---- Dataset entries
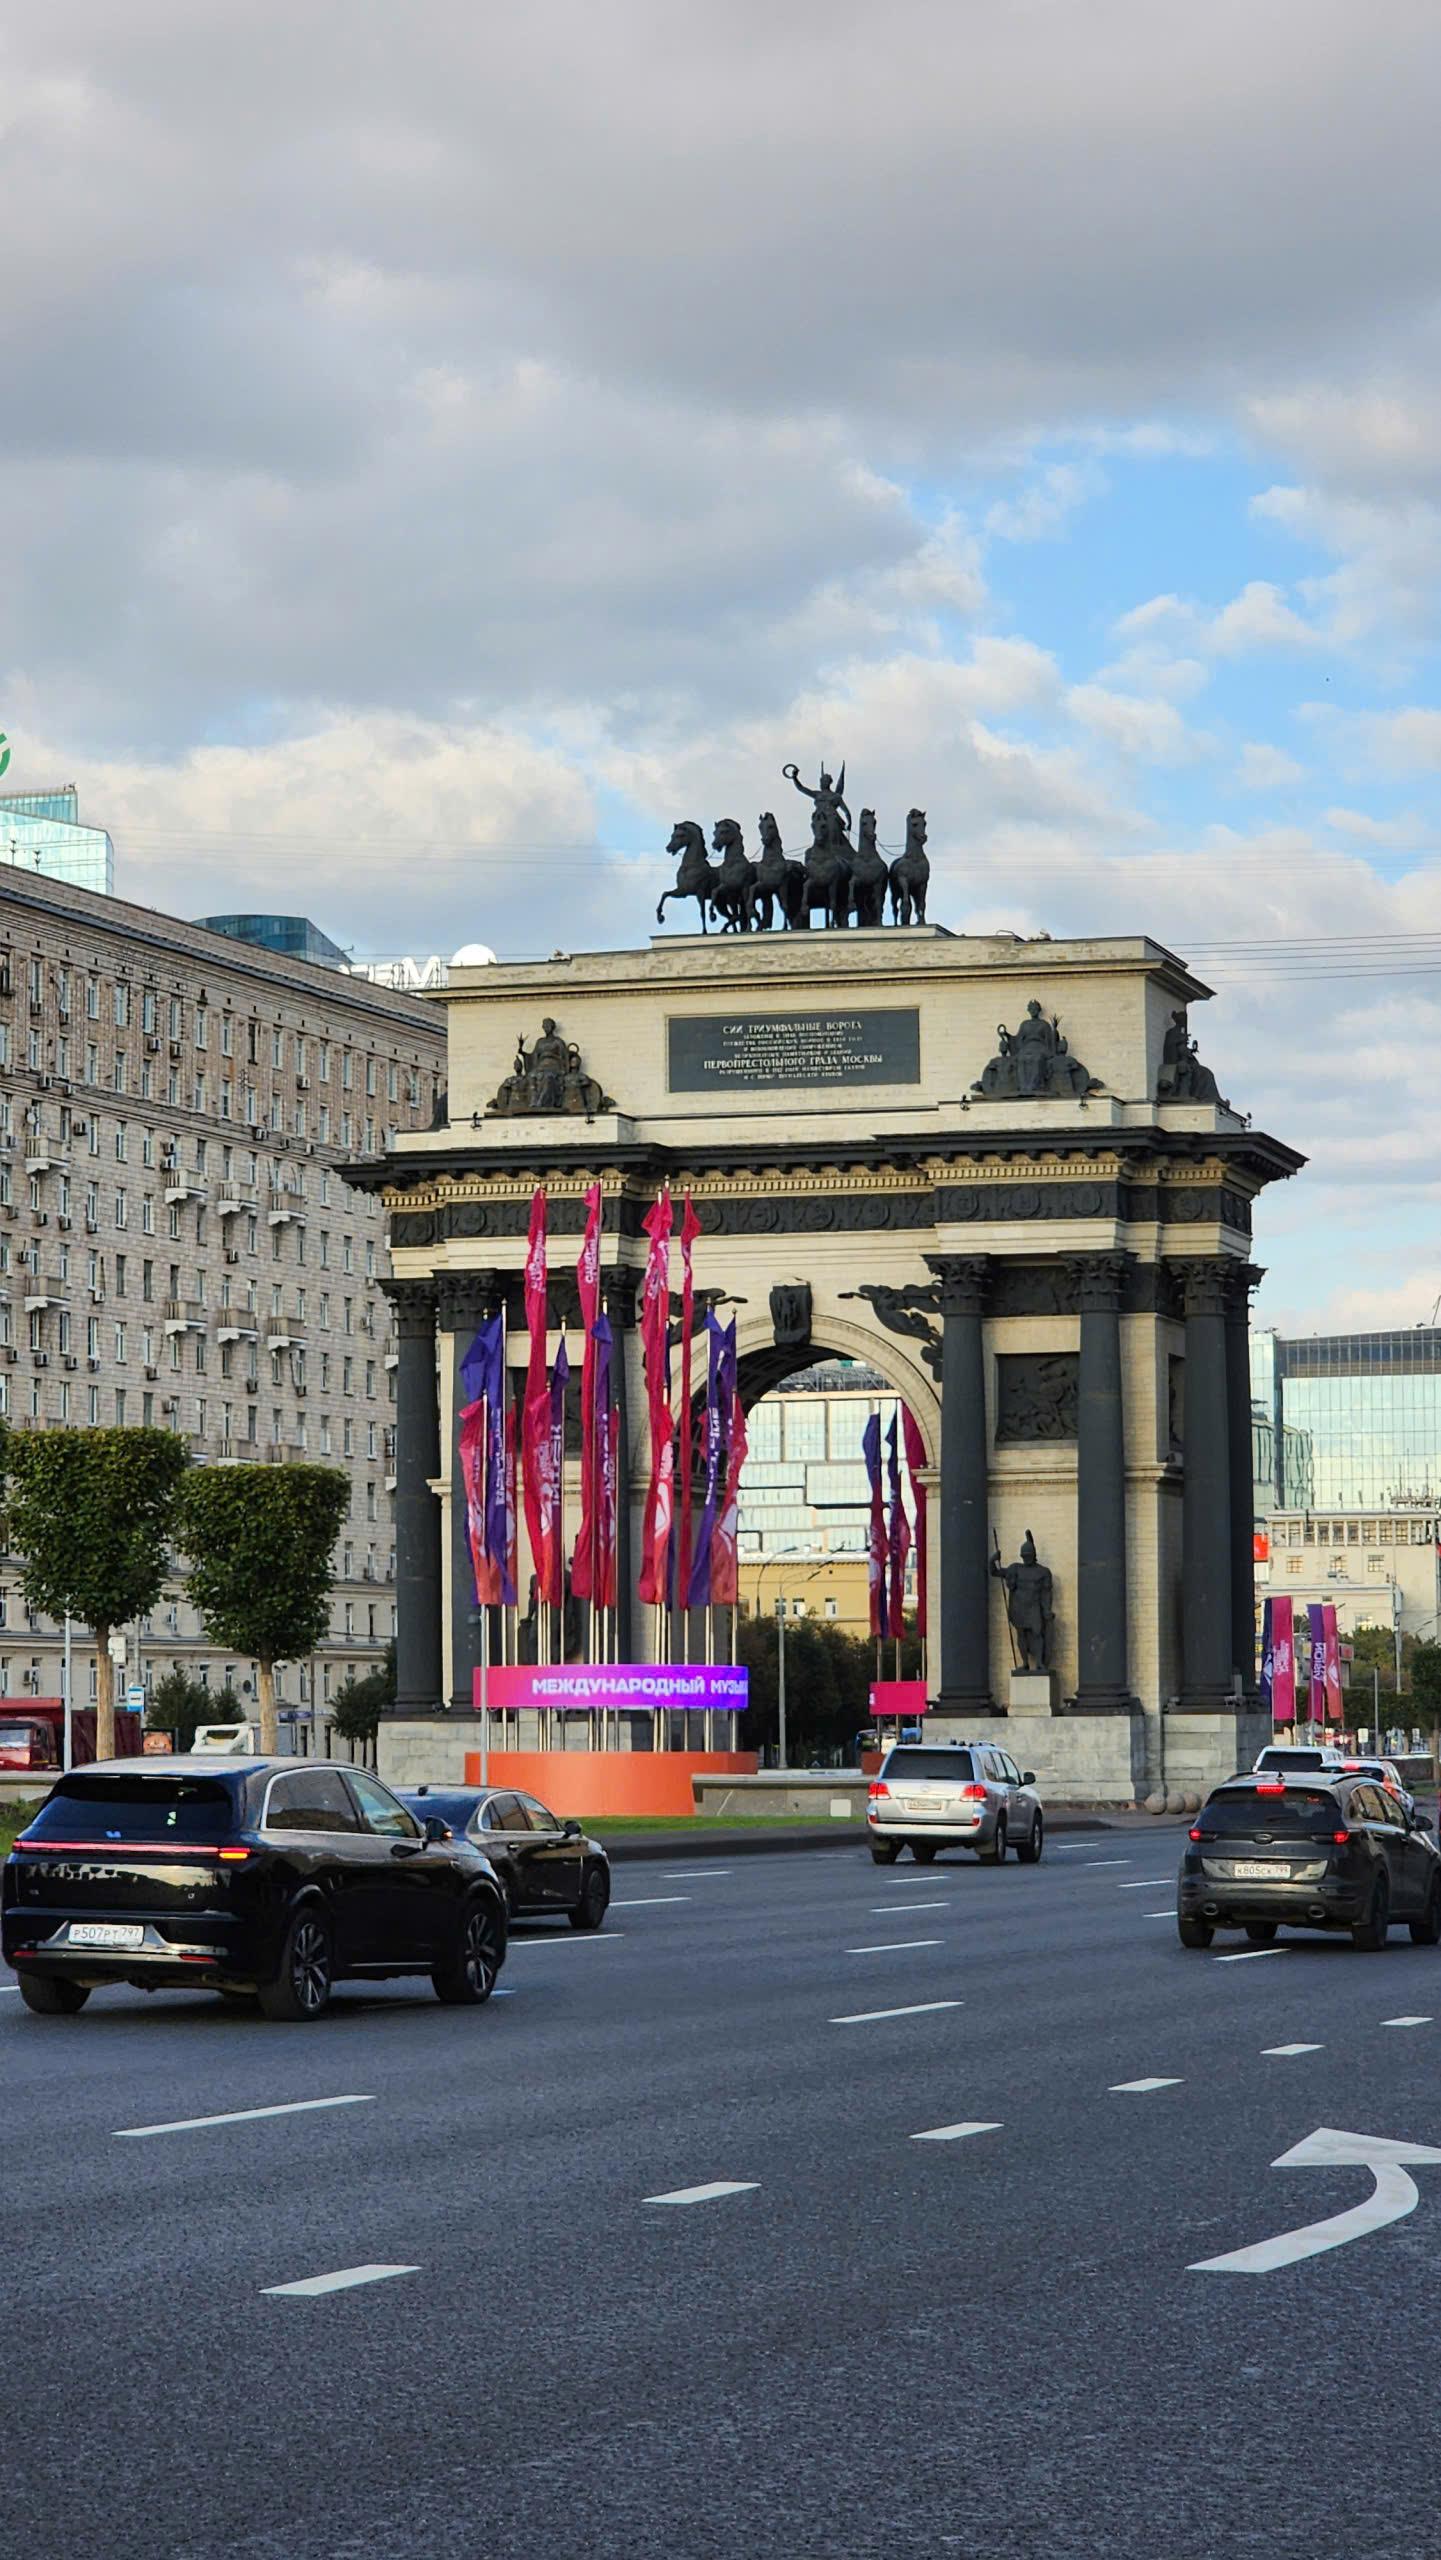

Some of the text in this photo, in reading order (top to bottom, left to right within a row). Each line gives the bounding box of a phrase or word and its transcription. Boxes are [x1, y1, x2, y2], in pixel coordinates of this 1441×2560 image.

[748, 1022, 821, 1034] ТРИУМФАЛЬНЫЕ
[826, 1020, 863, 1031] ВОРОТА
[703, 1057, 806, 1070] ПЕРВОПРЕСТОЛЬНОГО
[810, 1055, 838, 1066] ГРАДА
[841, 1054, 884, 1064] МОСКВЫ
[532, 1675, 748, 1695] МЕЖДУНАРОДНЫЙ МУЗЫ
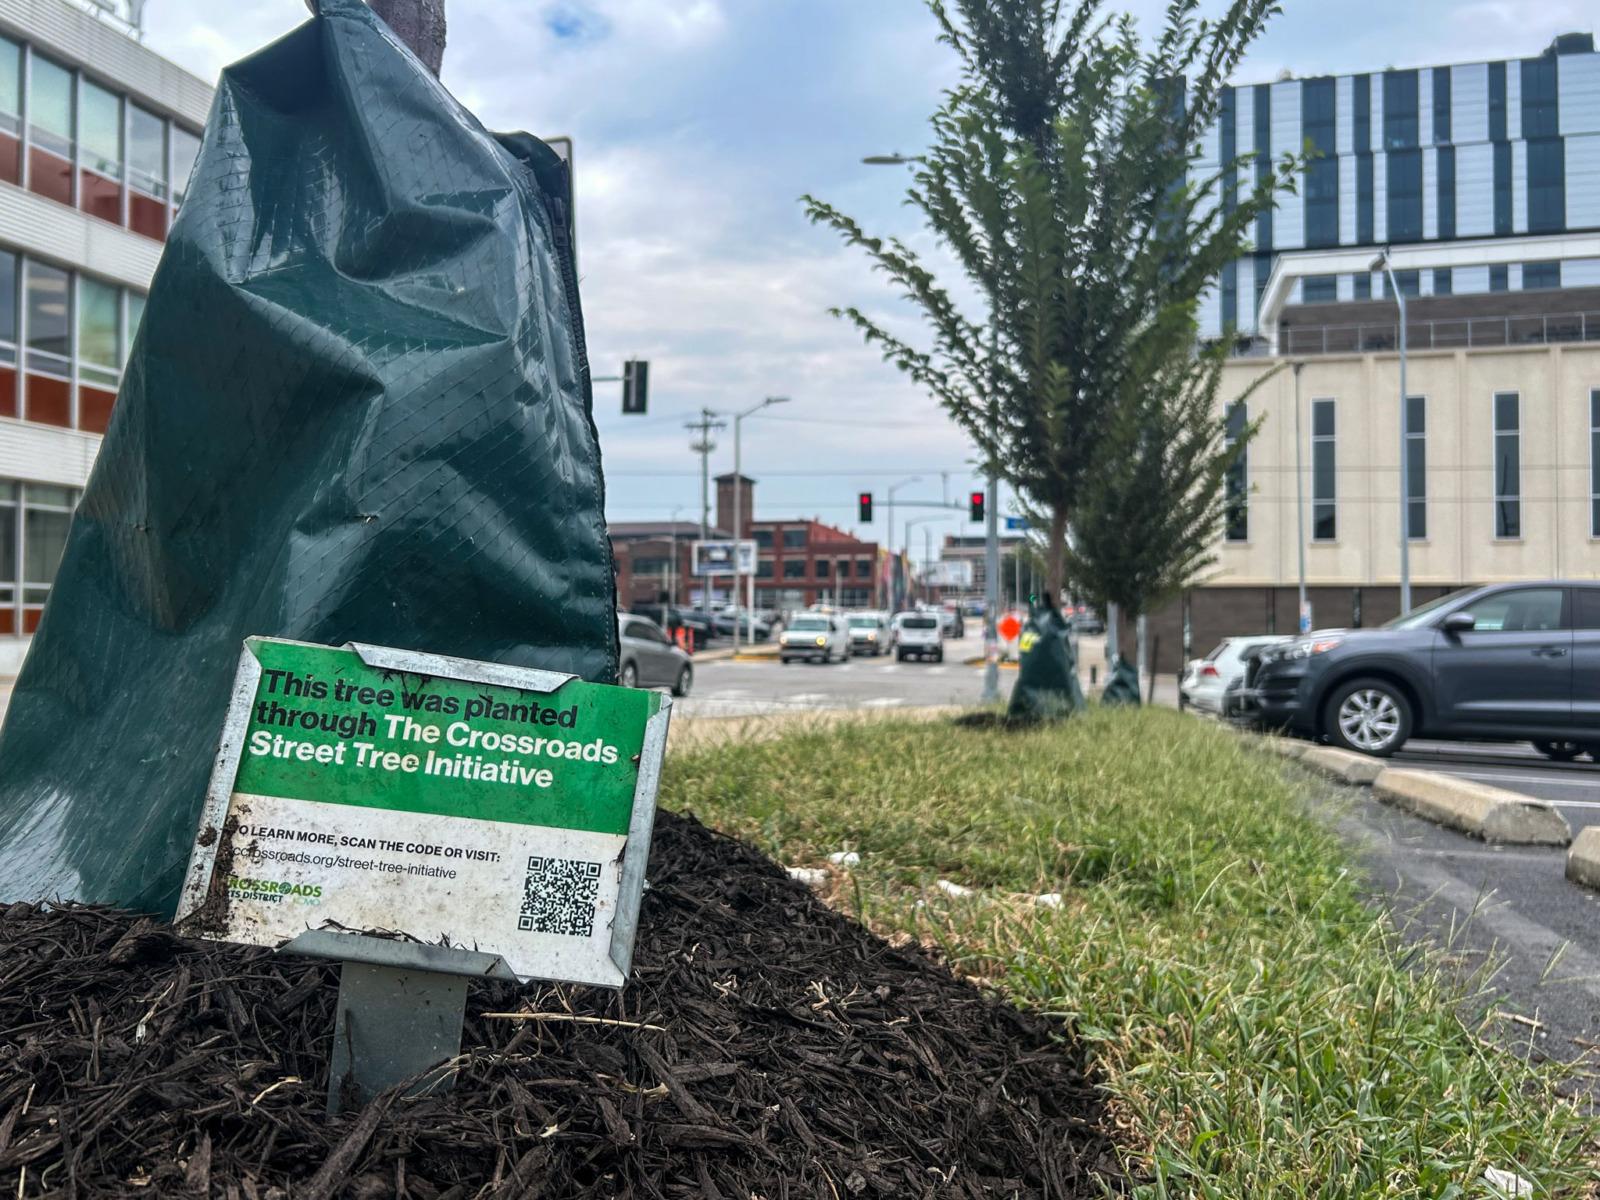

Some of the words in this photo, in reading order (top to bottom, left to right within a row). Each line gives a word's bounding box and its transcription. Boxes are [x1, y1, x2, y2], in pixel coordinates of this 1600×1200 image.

[265, 669, 328, 699] This
[335, 679, 395, 707] tree
[401, 691, 460, 714] was
[463, 695, 578, 728] planted
[257, 701, 377, 739] through
[384, 714, 440, 744] The
[446, 721, 618, 764] Crossroads
[249, 730, 347, 765] Street
[353, 742, 420, 772] Tree
[424, 750, 553, 788] Initiative
[233, 824, 249, 836] O
[251, 826, 295, 840] LEARN
[296, 831, 338, 847] MORE,
[340, 836, 377, 849] SCAN
[379, 840, 404, 852] THE
[406, 843, 442, 856] CODE
[444, 847, 463, 858] OR
[465, 849, 501, 863] VISIT:
[226, 876, 323, 898] ROSSROADS
[243, 891, 284, 904] DISTRICT
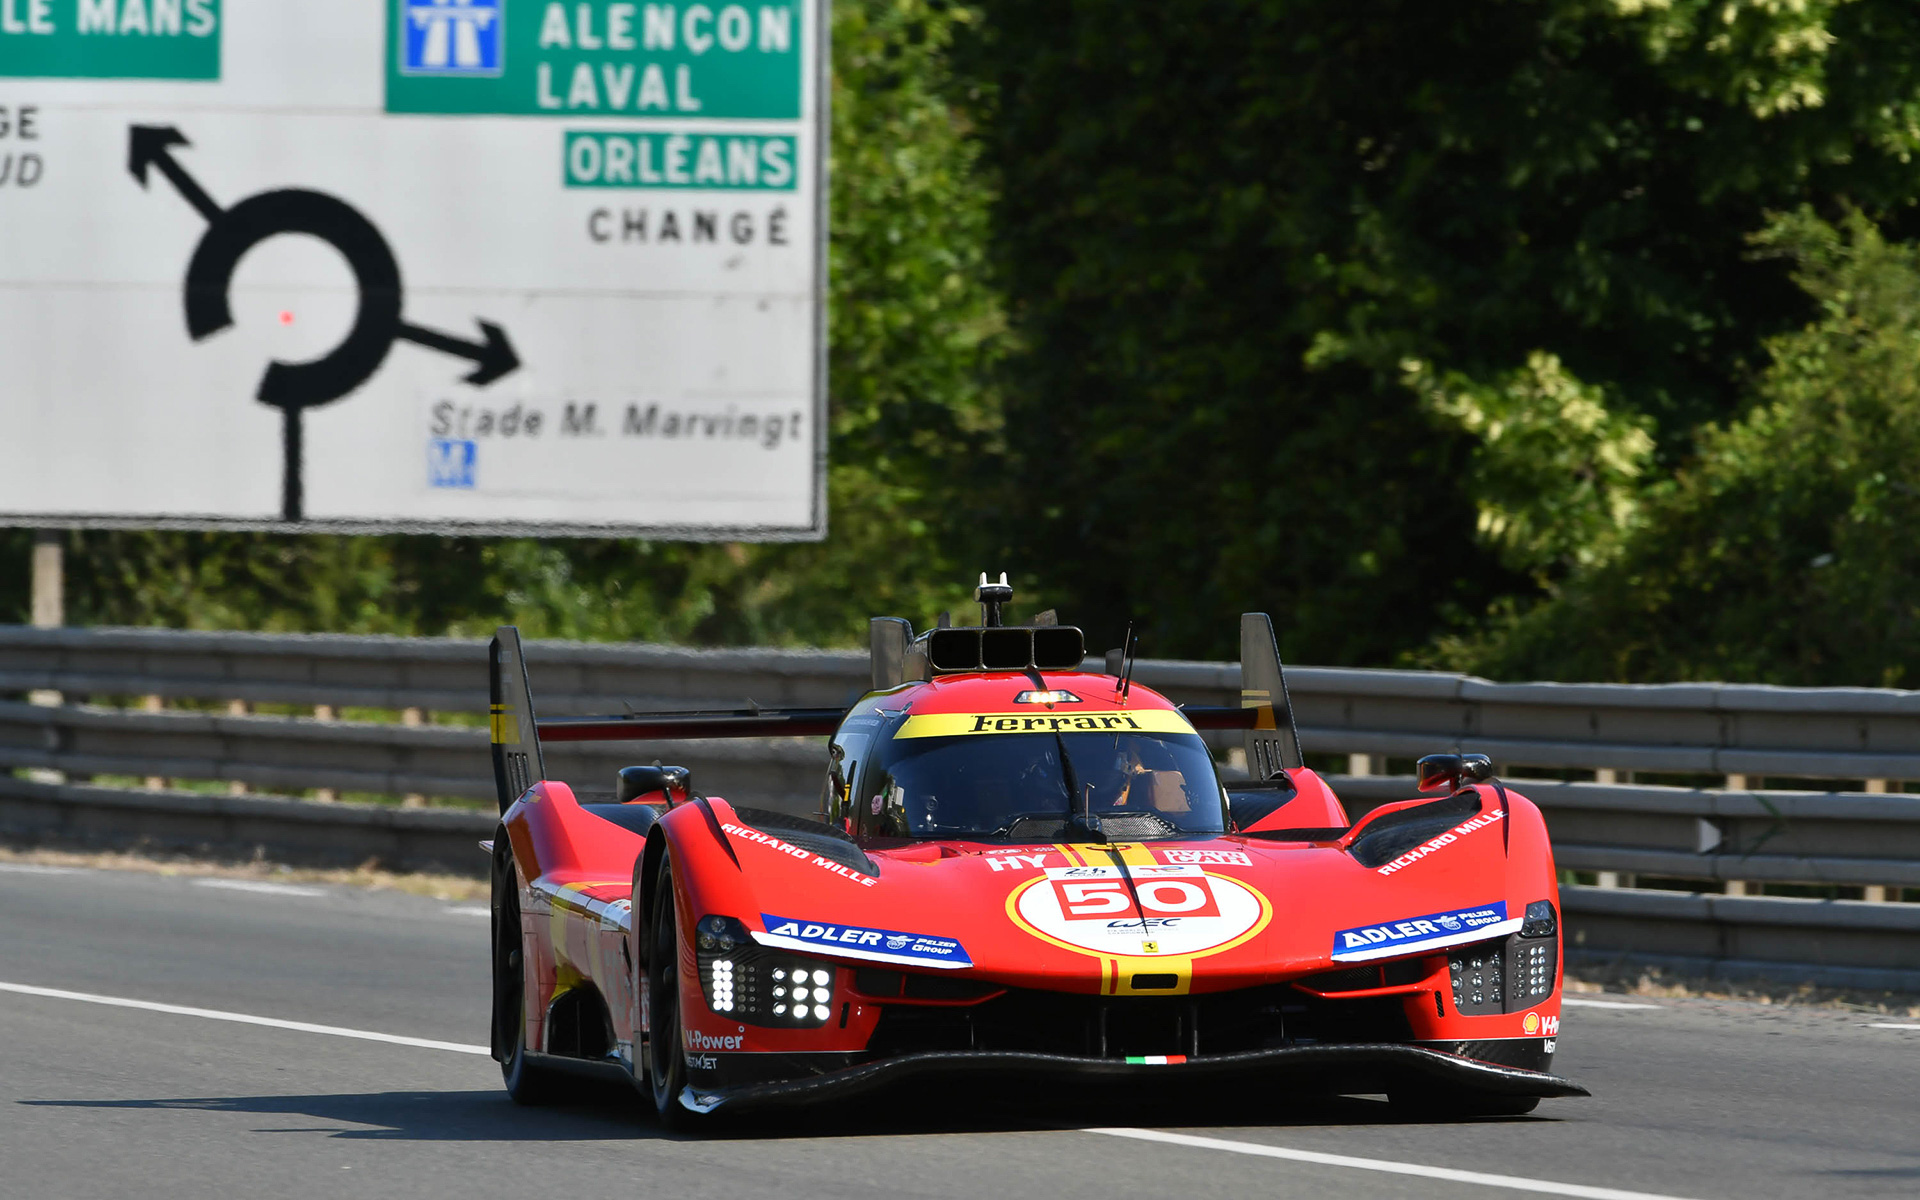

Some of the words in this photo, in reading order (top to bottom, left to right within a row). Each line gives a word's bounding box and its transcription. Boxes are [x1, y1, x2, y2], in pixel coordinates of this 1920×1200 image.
--------
#### [Task details]
Repeat the material exactly. Skip the images.

#### [Output of the exercise]
Some of the text in this photo, in reading order (top to bottom, left to right within a row). Each line gives the bounding box of a phrase or word and its transcription. Boxes are [x1, y1, x2, y2], in pixel coordinates of this 1441×2560 image.

[748, 1022, 821, 1034] ТРИУМФАЛЬНЫЕ
[826, 1020, 863, 1031] ВОРОТА
[703, 1057, 806, 1070] ПЕРВОПРЕСТОЛЬНОГО
[810, 1055, 838, 1066] ГРАДА
[841, 1054, 884, 1064] МОСКВЫ
[532, 1675, 748, 1695] МЕЖДУНАРОДНЫЙ МУЗЫ

Some of the words in this photo, in reading order (top to bottom, left to right within a row). Each line gives a word's bounding box and its transcription. Boxes are [x1, y1, x2, y2], in pixel coordinates of this 1600×1200 image.

[265, 669, 328, 699] This
[335, 679, 395, 707] tree
[401, 691, 460, 714] was
[463, 695, 578, 728] planted
[257, 701, 377, 739] through
[384, 714, 440, 744] The
[446, 721, 618, 764] Crossroads
[249, 730, 347, 765] Street
[353, 742, 420, 772] Tree
[424, 750, 553, 788] Initiative
[233, 824, 249, 836] O
[251, 826, 295, 840] LEARN
[296, 831, 338, 847] MORE,
[340, 836, 377, 849] SCAN
[379, 840, 404, 852] THE
[406, 843, 442, 856] CODE
[444, 847, 463, 858] OR
[465, 849, 501, 863] VISIT:
[226, 876, 323, 898] ROSSROADS
[243, 891, 284, 904] DISTRICT

Some of the words in this photo, in reading order (top to bottom, left to right within a row). Each line gives a word's bounding box and its transcription. Boxes are [x1, y1, x2, y2], in pixel coordinates of this 1920×1200 image.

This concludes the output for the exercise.